Just speaking personally, though I would never argue it's superior to the 1972 film soundtrack I like listening to the 1966 original Broadway cast recording of Cabaret. One reason is you have Jill Haworth in the Sally Bowles role, so an English performer playing what was originally supposed to be an English character. And you have songs that aren't in the film - even characters that aren't in the film - just as the film has songs that aren't in it.

Josefa, Thursday, 29 September 2022 13:36 (two months ago) link

I am not a fan of musicals but when I encounter them in my research I find the cast recordings more often have the kind of embarrassing hammy stuff that puts me off, for example here is Celeste Holm's in "Oklahoma!", her aw-shucks singing style is one of the most irritating sounds I have ever encountered, I know it's supposed to be out of tune, but compare w/ Gloria Grahame in the film, who is perfectly bearable.

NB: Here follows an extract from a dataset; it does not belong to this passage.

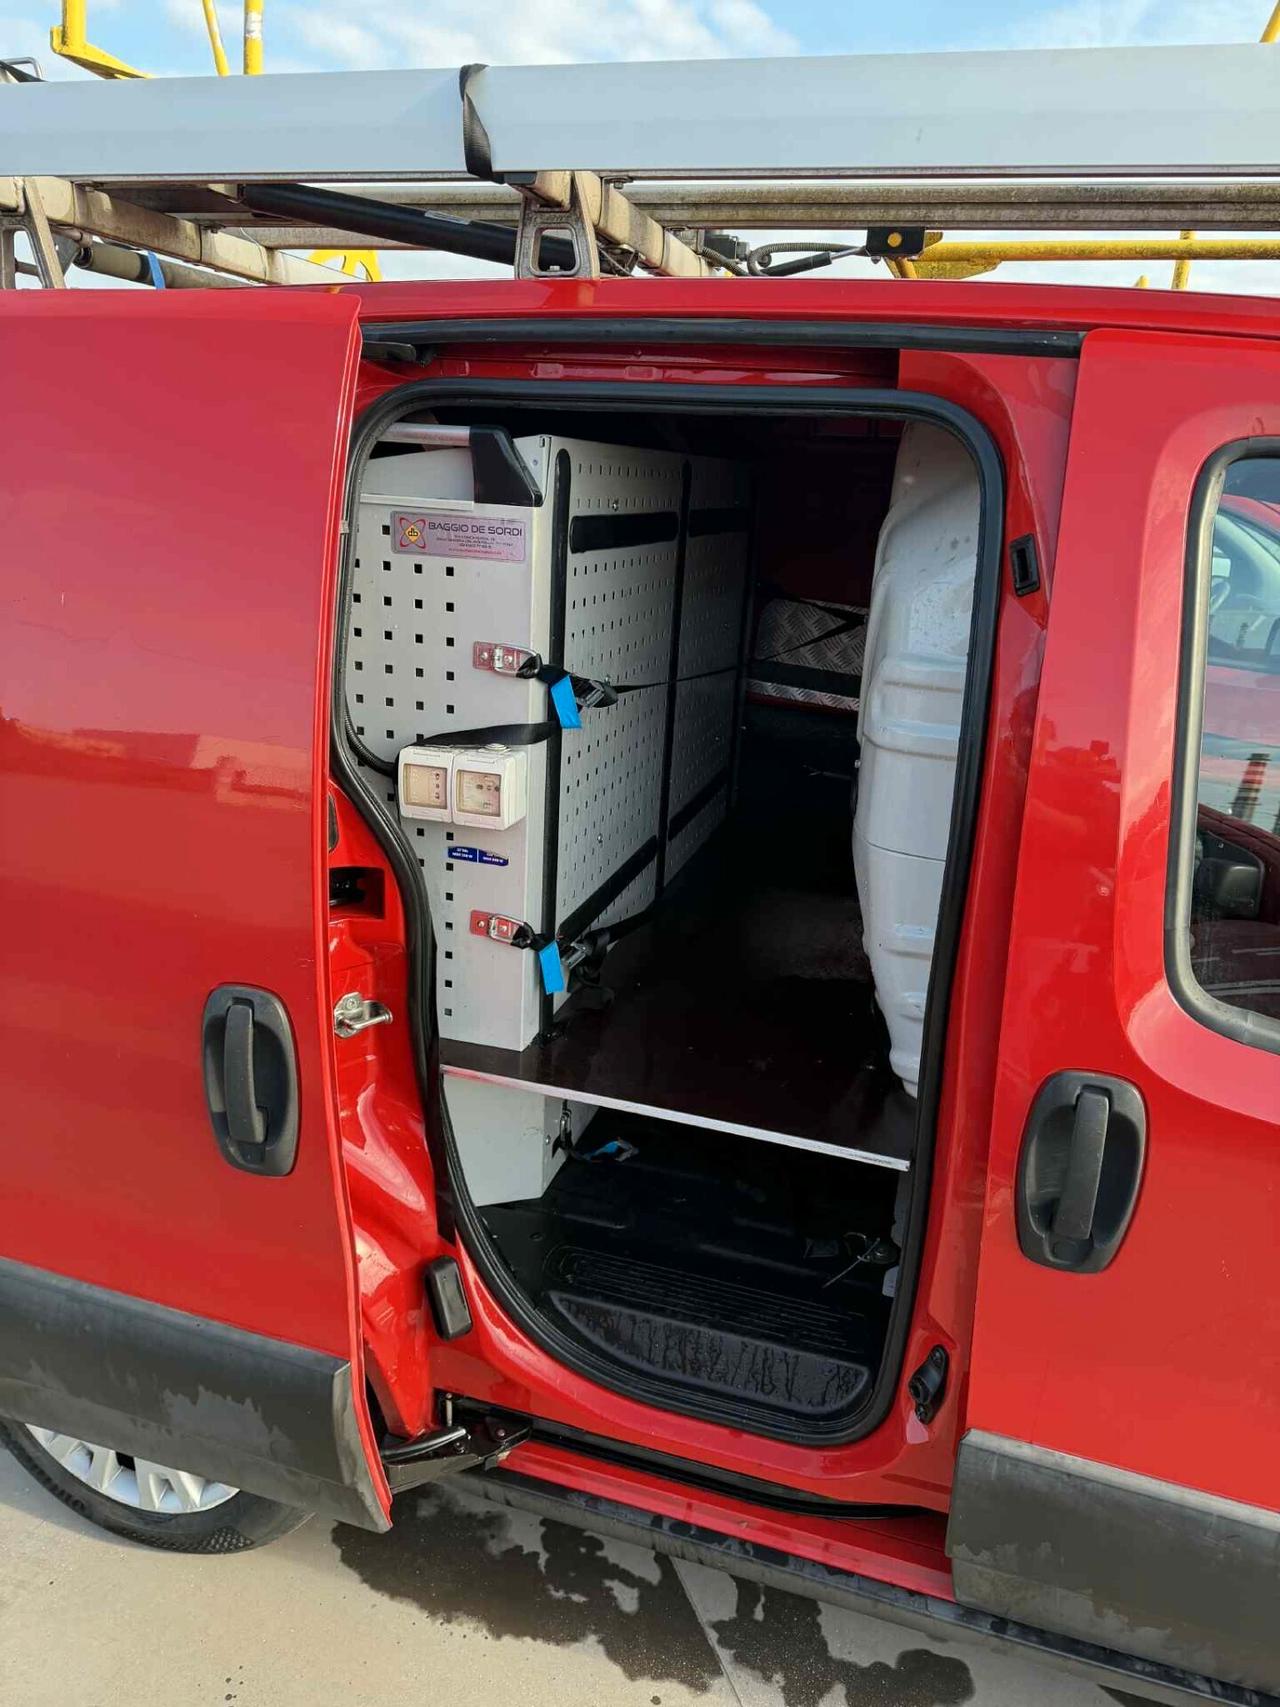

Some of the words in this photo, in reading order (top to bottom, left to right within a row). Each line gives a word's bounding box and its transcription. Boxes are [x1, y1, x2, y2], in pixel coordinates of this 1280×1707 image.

[428, 522, 469, 532] BAGGIO
[471, 525, 485, 533] DE
[488, 526, 522, 536] SORDI

https://www.youtube.com/watch?v=CZLad-t6GBc

link.exposing.politically (Camaraderie at Arms Length), Thursday, 29 September 2022 14:03 (two months ago) link

Broadly agree with mig's post. I don't really think there is a single rule to indicate whether the movie soundtrack is better or worse than a cast album. If you are a fan of the musical, you generally need both (or more). I'm thinking of shows like Rocky Horror and Little Shop of Horrors, where the soundtrack production is incredibly dynamic on some songs but misses out on some fantastic singing/acting and of course many complete songs as well as cues, overtures etc.

Mention of Annie Get Your Gun reminds me that the Kim Criswell stage version from the 90s is superb. There's a really hokey Doris Day version from the 60s which was a TV production. Haven't seen it but the album is common.

An interesting one is the Joseph Papp version of Pirates of Penzance. The film of the Central Park live production has Patricia Routledge as Ruth while the movie has Angela Landsbury. The rest of the cast are the same. However, there is no soundtrack album for either of those versions, only the intermediate Broadway transfer which has Estelle Parsons. That album has the entire live show - not just the songs but all the dialogue and every musical cue. It's weird that this is how they did it but the benefit is that the movie makes tons of edits to songs and dialogue so the movie soundtrack would have been inferior anyway.

everything, Thursday, 29 September 2022 18:44 (two months ago) link

Good thread. Don't know what I can really add, although I have been meaning to mention the deluxe version of the Hair Original Broadway Cast Recording which also has nice Off Broadway versions of the songs. Some of which feature Jill O'Hara, who also appeared in the original production of Promises, Promises, which cast album does not appear to be streaming.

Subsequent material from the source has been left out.